Modal sosial ditransmisikan melalui
mekanisme-mekanisme kultural seperti agama, tradisi, atau kebiasaan
sejarah (Supriono, 2007:3). Modal sosial dibutuhkan untuk menciptakan jenis
komunitas moral yang tidak bisa diperoleh seperti dalam kasus bentuk-bentuk human
capital. Akuisisi modal sosial memerlukan pembiasaan terhadap norma-norma
moral sebuah komunitas dan dalam konteksnya sekaligus mengadopsi
kebajikan-kebajikan.
Coleman menambahkan bahwa capital social merupakan
aspek dari struktur sosial serta memfasilitasi tindakan individu. Modal sosial
pada dasarnya ada pada tiap kelompok. Secara tidak sadar tiap kelompok
membutuhkan modal sosial tersebut untuk menjaga stabilitas dalam kelompoknya.
Kalimat massijing watakkale te’massijing
warangparang itu datangnya dari masyarakat luar berdasarkan apa yang
mereka pahami tentang perilaku masyarakat Wajo. Masyarakat luar telah salah
dalam menafsirkan sikap hemat dari masyarakat Wajo sehingga mereka
menganggapnya kikir. Sikap hemat tersebut bukanlah kikir tapi adalah satu
langkah yang digunakan mengembangkan usaha. Tindakan tersebut dapat
dikategorikan sebagai tindakan rasional instrumental. Sebagaimana yang
diungkapkan Weber dalam Johnson (1986:220) bahwa tingkat rasionalitas paling
tinggi ini meliputi pertimbangan dan pilihan yang sadar berhubungan dengan
tujuan tindakan itu dan alat yang dipergunakan untuk mencapainya. Tindakan
secara rasional ke suatu sistem tujuan itu, alat dan akibat-akibat sekundernya
diperhitungkan dan dipertimbangkan secara rasional.

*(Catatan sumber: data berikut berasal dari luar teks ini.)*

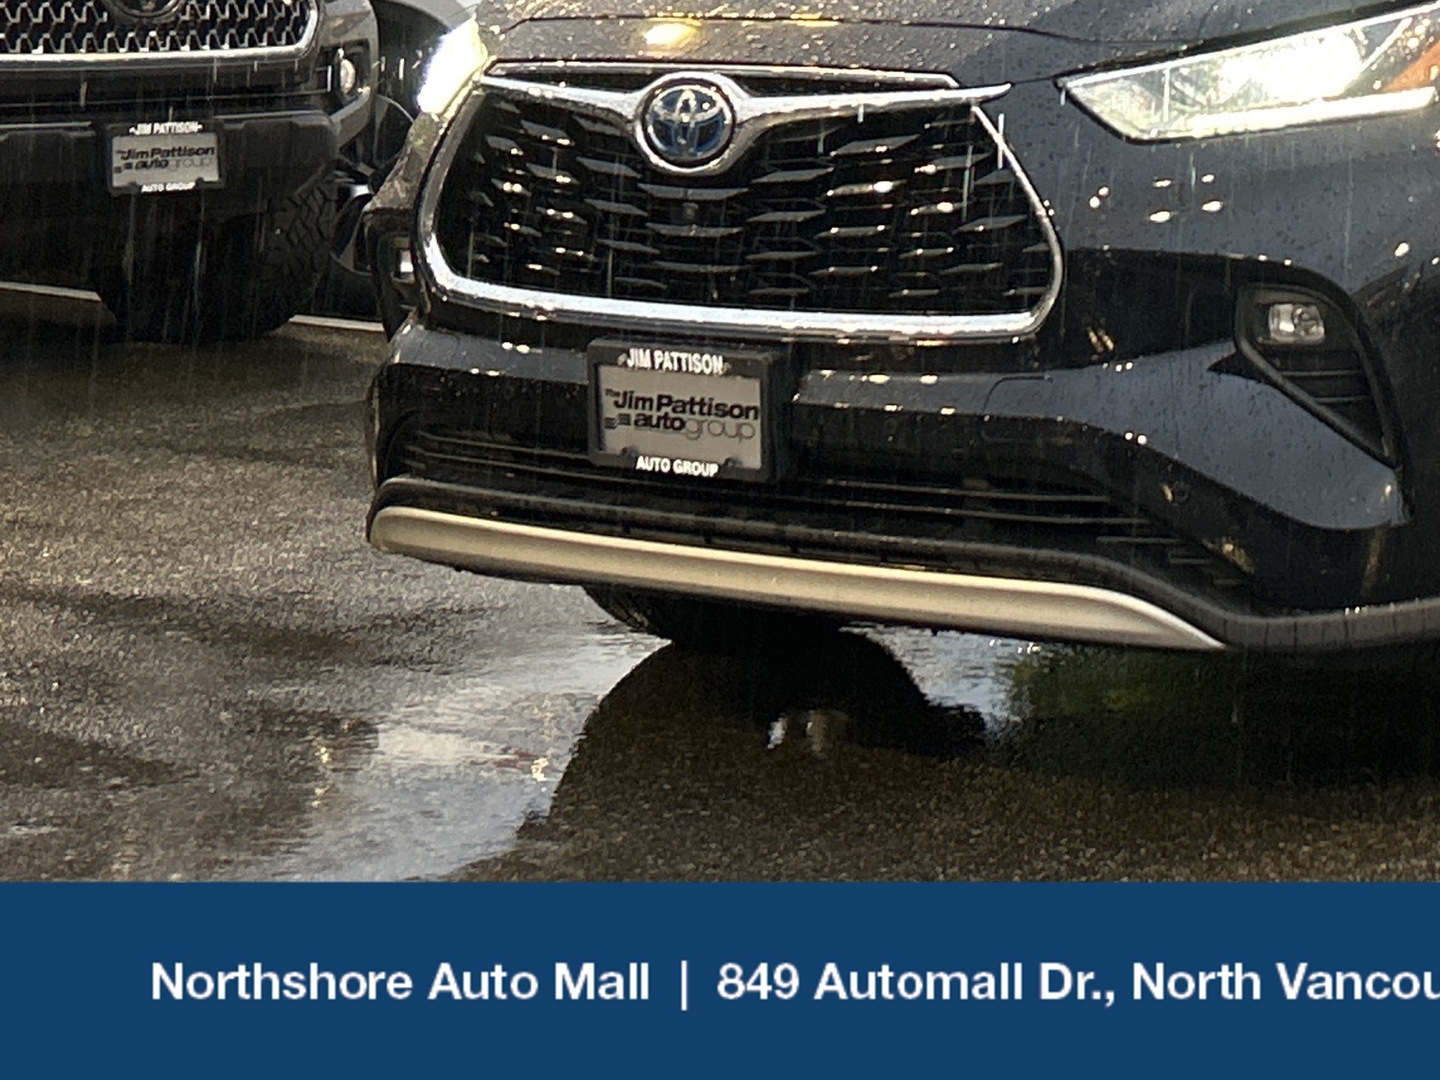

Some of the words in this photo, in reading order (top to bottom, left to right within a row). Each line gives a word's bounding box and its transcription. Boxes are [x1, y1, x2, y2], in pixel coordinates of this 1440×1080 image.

Pertukaran uang dengan barang atau jasa adalah
konsekuensi logis dari kegiatan jual beli atau dapat dikatakan bahwa untuk
mendapatkan barang atau jasa diperlukan alat tukar yang memiliki nilai yang
setimpal dengan barang atau jasa yang diinginkan. Dalam masyarakat itu adalah
hal yang wajar saja ataupun dalam keluarga. Seorang ayah harus membayar barang
yang telah dibeli dari anaknya juga adalah sesuatu yang wajar saja. Jadi tindakan
tersebut bukanlah tindakan yang berkonotasi negatif seperti yang dilontarkan
pada pedagang bugis Wajo. Yang menjadi tidak wajar ketika ada transaksi dalam
urusan keluarga atau yang sifatnya sangat privasi, misalya seorang anak harus
mengembalikan semua biaya yang telah dikeluarkan orang tuanya selama dia
bersekolah.
Realitas yang telah dijelaskan sebelumnya adalah
realitas pada komunitas paguyuban atau biasa dikenal dengan istilah gemeinschaft seperti
yang diungkapkan oleh Tonies adalah bentuk kehidupan bersama di mana
anggota-anggota diikat oleh hubungan batin yang murni dan bersifat alamiah
serta bersifat kekal. Dasar hubungan tersebut adalah rasa cinta dan rasa
kesatuan batin yang memang telah dikodratkan. Kehidupan tersebut dinamakan juga
bersifat nyata dan organis, sebagaimana dapat diumpamakan dengan
organ tubuh manusia atau hewan. Bentuk paguyuban terutama akan dapat dijumpai
di dalam keluarga, kelompok kerabatan, rukun tetangga dan lain sebagainya
(Soekanto, 2003:132-133).
Fenomena sosial ini ketika dikaitkan pada
dinamika in-group dan out-group tentulah akan semakin
memperjelas bagaimana massijing watakkale te’massijing warangparang lahir
sebagai sebuah realitas sosial. Ketika seorang bertemu dengan sesama
kelompoknya tentulah sikap atau tindakan yang muncul berupa sikap simpati dan
merasa dekat dengan anggota-anggota kelompok. Pada kasus pengusaha tenun sutera
dapat dijelaskan bahwa ada sikap simpati atau baik berlaku pada sesama
kelompoknya dan atau keluarganya sendiri, contoh dalam kegiatan dagang adalah
pemberian potongan harga, bantuan modal, dan saling menjaga kualitas dari
barang yang dihasilkan. Pada tinjauan out-group sikap yang dimunculkan adalah
sikap antagonism atau antipati.
Penulis melihat bahwa massijing
watakkale te’massijing warangparang memiliki kecenderungan pada
nilai-nilai kapitalisme antara lain:
a) Nilai individualisme. Individualisme berarti
seseorang harus menjadi dirinya sendiri yaitu individu anggota masyarakat harus
mampu independen, tidak bergantung pada orang lain sebab tiap orang memiliki
hak untuk menjadi dirinya sendiri. Disamping itu juga ada unsur lain yang
sangat penting yaitu self reliance (keyakinan diri), self
interest (minat pribadi), self confidence (kenyamanan
pribadi), self esteem (harga diri) dan self
fulfillment are meaning of individualism (pemenuhan kebutuhan pribadi
adalah arti individualism secara mendalam).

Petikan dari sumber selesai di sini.